J’ai fait des études de psychologie sociale et environnementale, discipline qui consiste à étudier l’individu en interaction avec son environnement, aussi bien physique que social. Pendant mes deux années de master, je travaillais le week-end à Leroy Merlin. Quand j’ai obtenu mon diplôme, j’ai exercé pendant une année dans une collectivité locale en tant que psychologue de l’environnement. Mes études m’ont passionnée, mais j’ai très vite compris qu’elles m’amenaient vers un travail de bureau alors que, finalement, ce que je faisais à Leroy Merlin (être dans une position debout, dynamique, avec des clients différents toute la journée) était ce qui me correspondait le plus. Du coup, mon job d’étudiante s’est transformé en mission à temps plein. J’ai conçu pendant presque 14 ans des cuisines et des rangements, puis je me suis consacrée à la conception de dressings et autres rangements pour les particuliers.

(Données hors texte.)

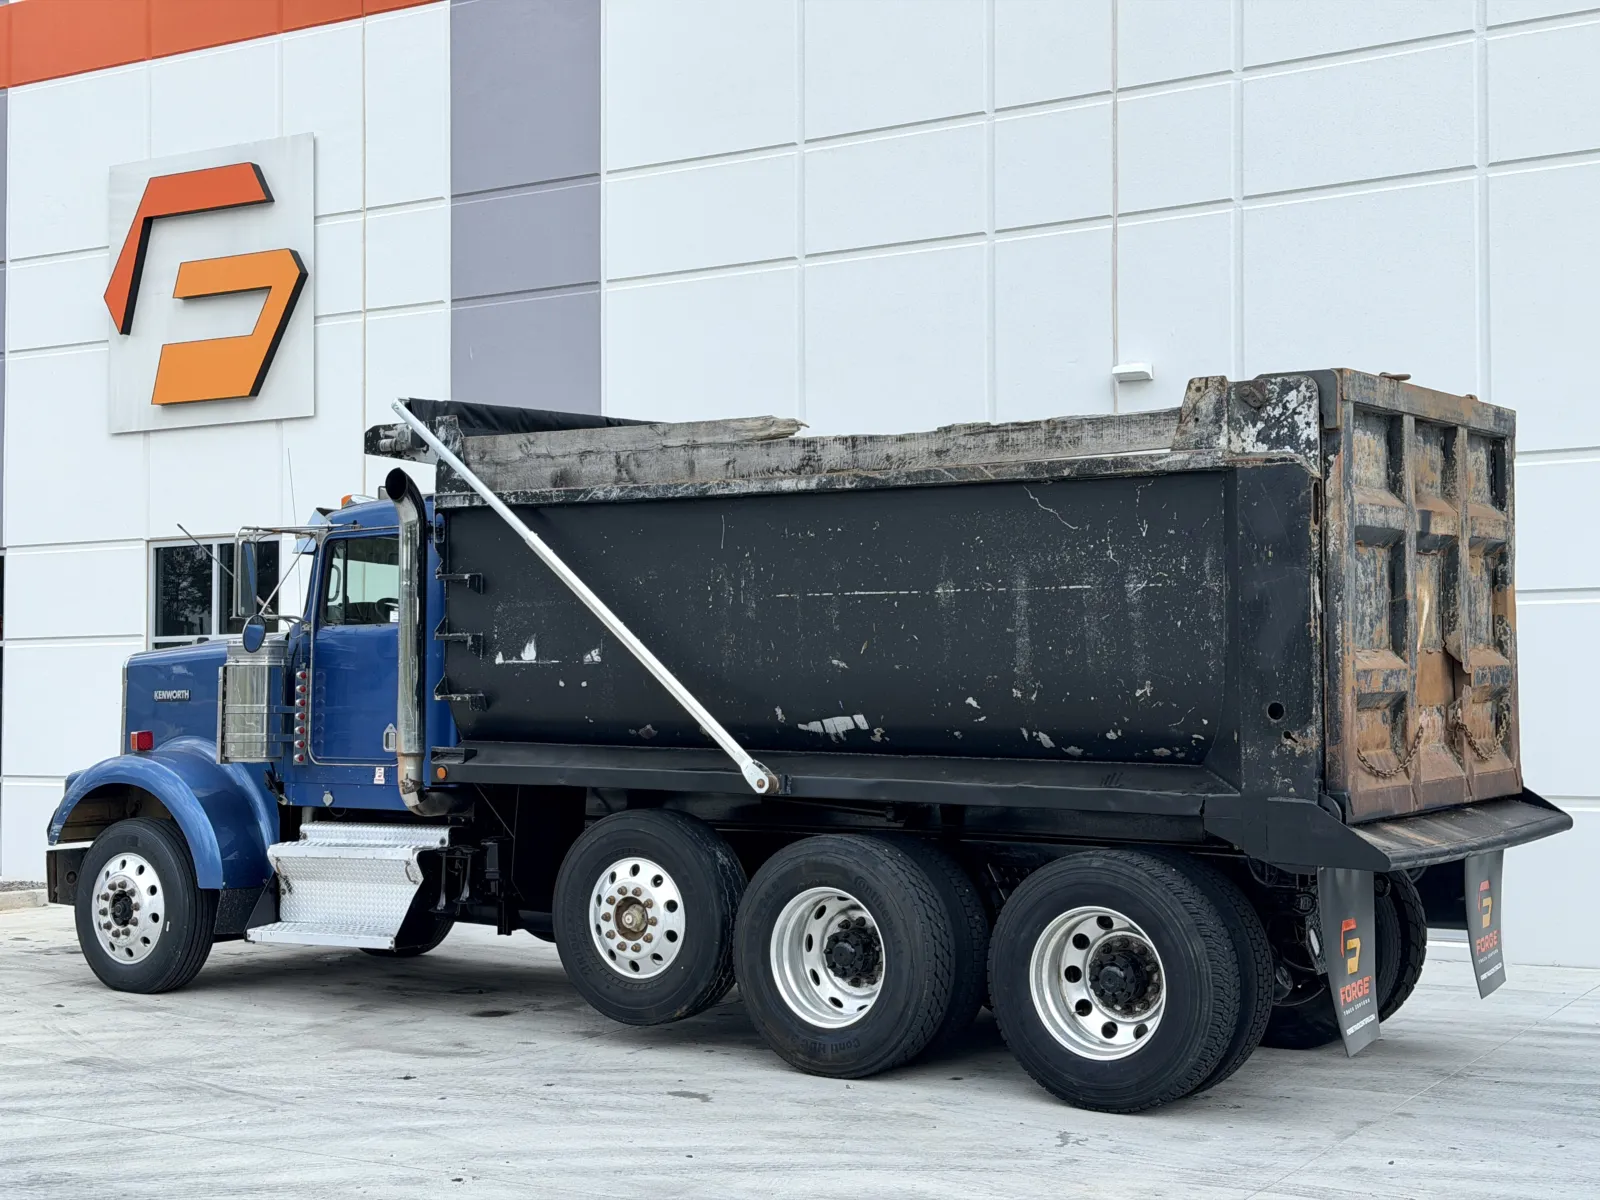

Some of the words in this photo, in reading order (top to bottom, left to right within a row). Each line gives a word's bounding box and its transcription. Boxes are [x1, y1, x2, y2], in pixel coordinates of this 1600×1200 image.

[153, 689, 190, 701] KENWORTH
[1476, 929, 1499, 956] FORGE
[1340, 976, 1371, 1006] FORGE
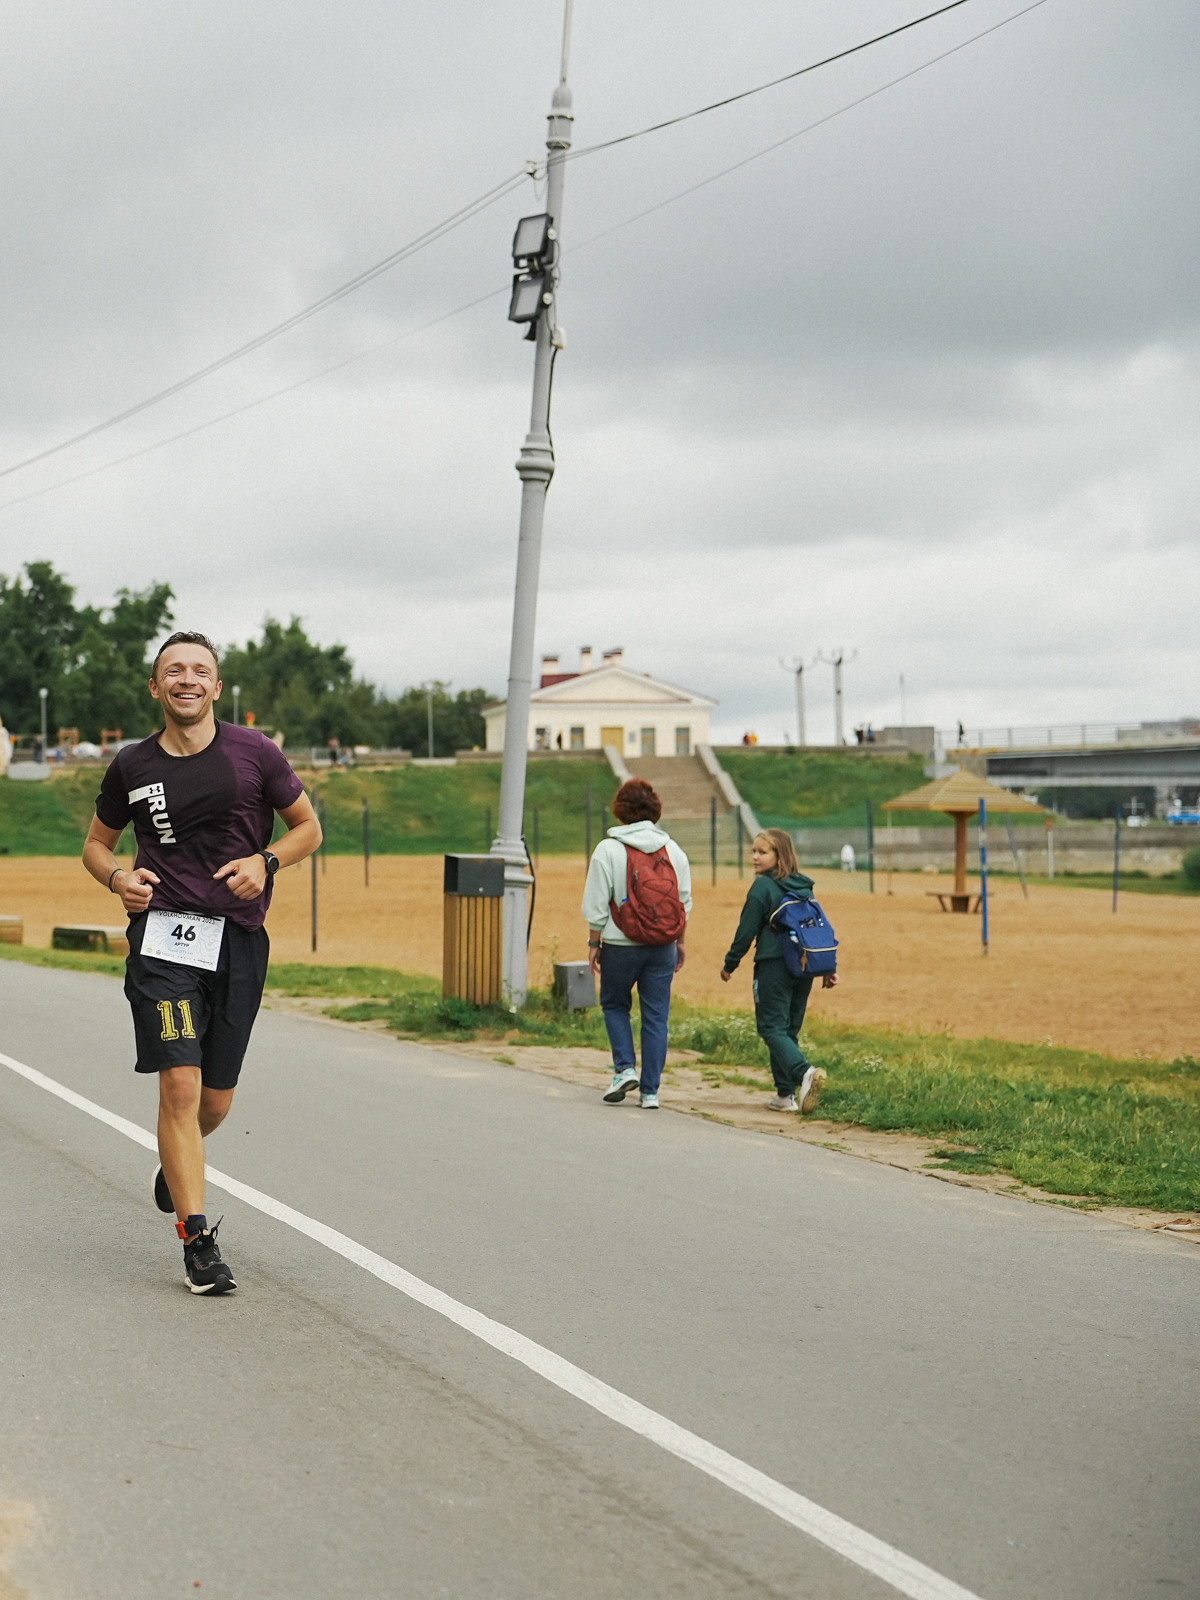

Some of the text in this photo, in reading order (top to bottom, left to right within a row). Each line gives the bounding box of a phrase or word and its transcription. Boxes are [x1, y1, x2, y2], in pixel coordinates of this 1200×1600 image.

Récemment, j’ai fondé Tidy Up afin de proposer un service de conception de dressings à domicile. Je suis partie d’un constat, fait en tant que conceptrice et conseillère à Leroy Merlin : un certain nombre de clients avaient besoin d’un accompagnement personnalisé ou bien n’avaient pas forcément envie de se déplacer dans un magasin de la grande distribution. Souvent, ils étaient aussi perdus face aux outils de conception qui leur étaient proposés. Dans le cadre de Tidy Up, je me déplace au domicile de ces clients, ce qui me permet d’appréhender concrètement l’espace qu’ils souhaitent aménager. C’est aussi beaucoup plus convivial, donc les personnes chez qui j’interviens sont bien plus à même de me faire part de ce qu’elles ont à ranger. Sur place, je prends les mesures du dressing à créer, je montre aux clients les différents échantillons que j’ai à ma disposition et je conçois l’aménagement le plus adapté pour eux.
Quelles sont les différentes étapes d’un projet de rangement et d’organisation ?

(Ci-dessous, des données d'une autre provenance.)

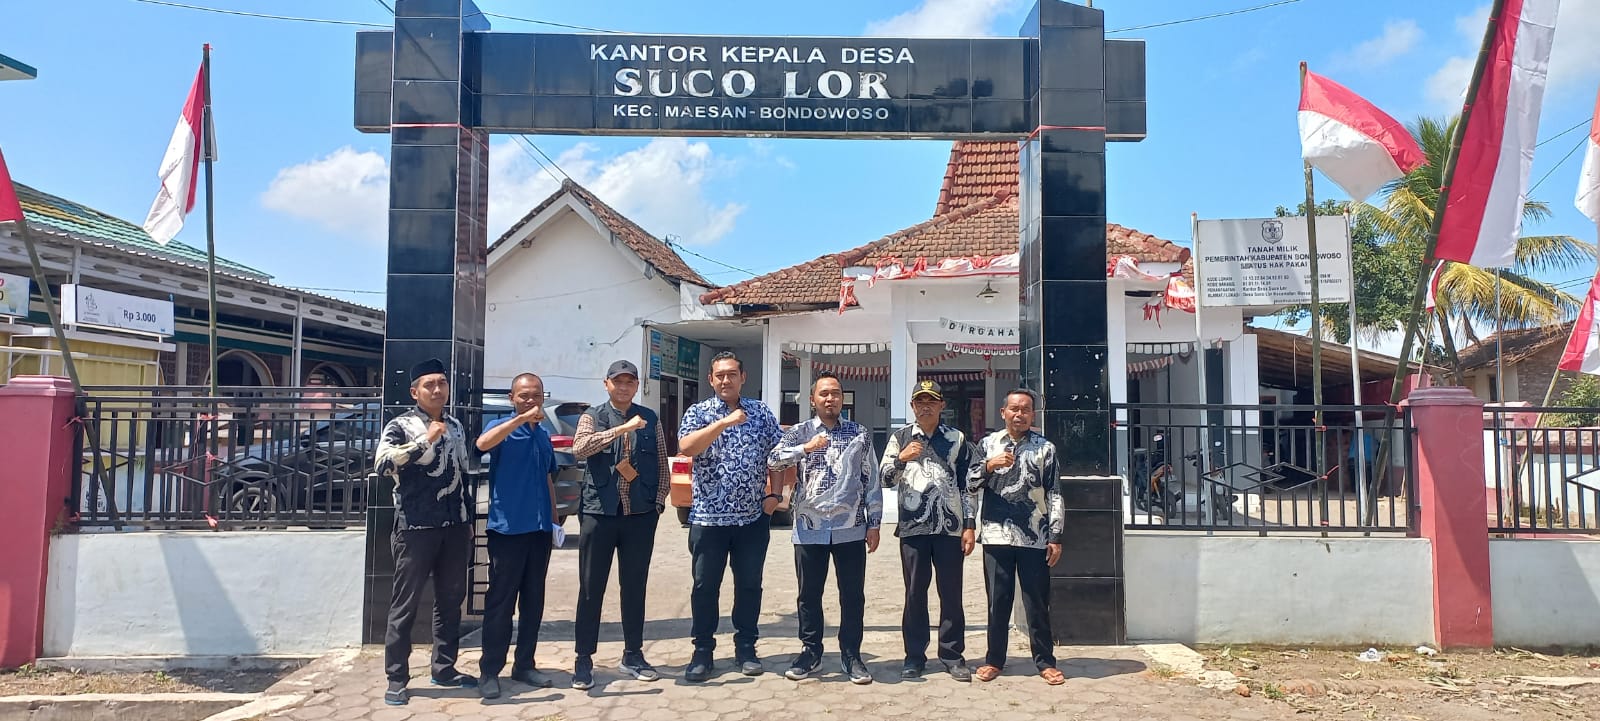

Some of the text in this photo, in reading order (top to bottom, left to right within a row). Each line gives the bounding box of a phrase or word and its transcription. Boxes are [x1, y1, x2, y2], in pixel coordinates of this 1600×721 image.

[590, 44, 915, 64] KANTOR KEPALA DESA
[613, 68, 892, 99] SUCO LOR
[613, 104, 659, 118] KEC.
[1205, 255, 1249, 263] PEMERINTAH
[1294, 252, 1342, 260] BONOWOSO
[1269, 261, 1284, 269] HAK
[1285, 260, 1308, 268] PAKAI
[123, 309, 135, 321] Rp
[135, 311, 157, 324] 3.000
[949, 321, 1020, 337] DIRGAHA
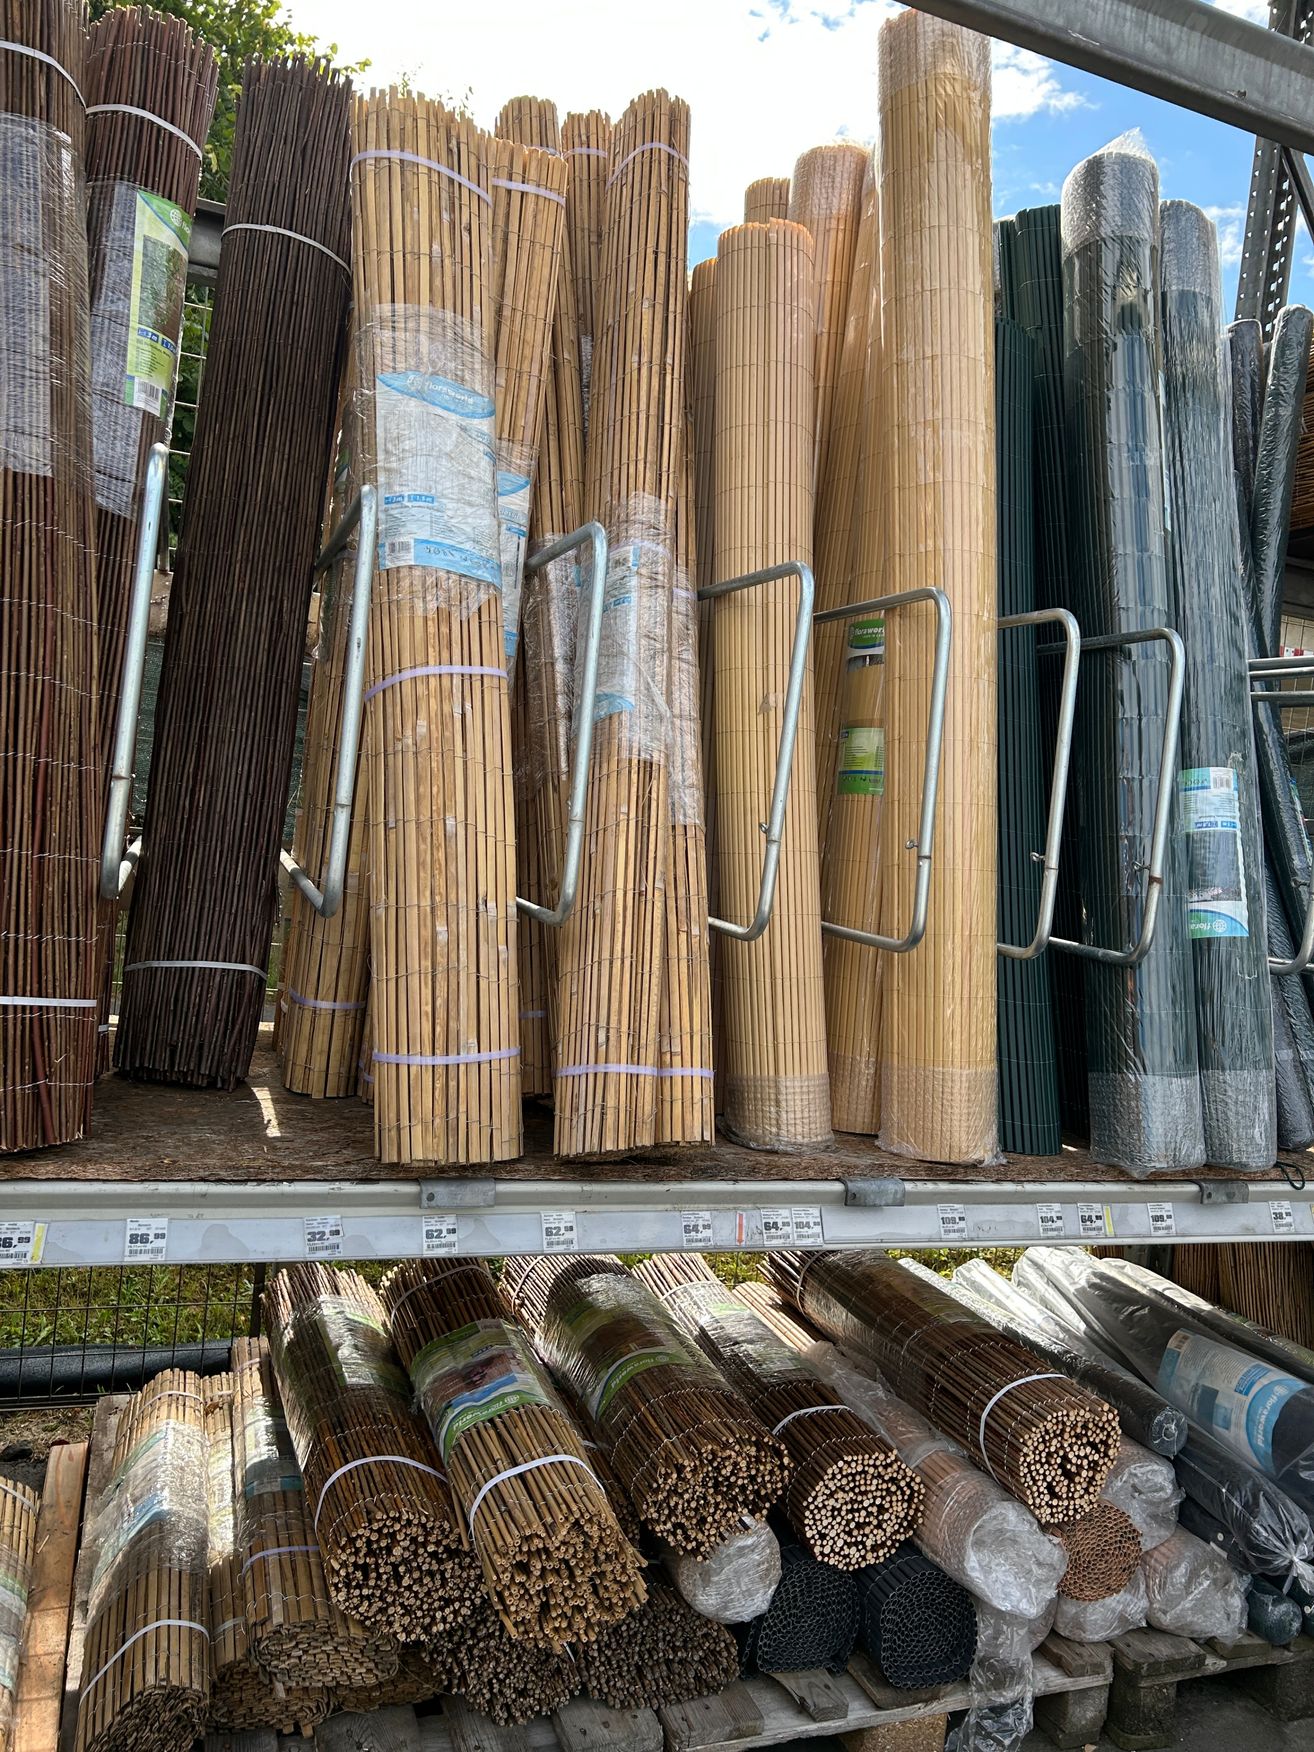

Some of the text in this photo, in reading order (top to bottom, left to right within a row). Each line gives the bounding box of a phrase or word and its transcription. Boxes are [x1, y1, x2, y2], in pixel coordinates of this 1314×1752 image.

[307, 1229, 340, 1242] 32,99
[425, 1227, 457, 1240] 62,99
[545, 1225, 574, 1237] 62,99
[129, 1232, 166, 1245] 86,99
[1256, 1393, 1280, 1448] floraworld

La toute première étape est souvent négligée : lorsqu’on a déterminé la zone à ranger, par exemple un placard ou une pièce, il faut la vider en totalité. Il ne faut pas procéder par exemple par étagère, parce qu’on finit par seulement déplacer le bazar. Vider la totalité du placard ou de la pièce que l’on veut ranger permet de se rendre compte de tout ce que l’on a en sa possession. Souvent, on redécouvre des objets. Quand il s’agit d’une cuisine, il y a parfois des choses périmées : on ne savait même plus qu’on avait ce paquet de pâtes au fond du placard. Vider permet de véritablement prendre conscience de sa consommation, voire de sa surconsommation. Les gens sont fréquemment surpris car ils ne se rendaient pas compte de tout ce qu’ils possédaient.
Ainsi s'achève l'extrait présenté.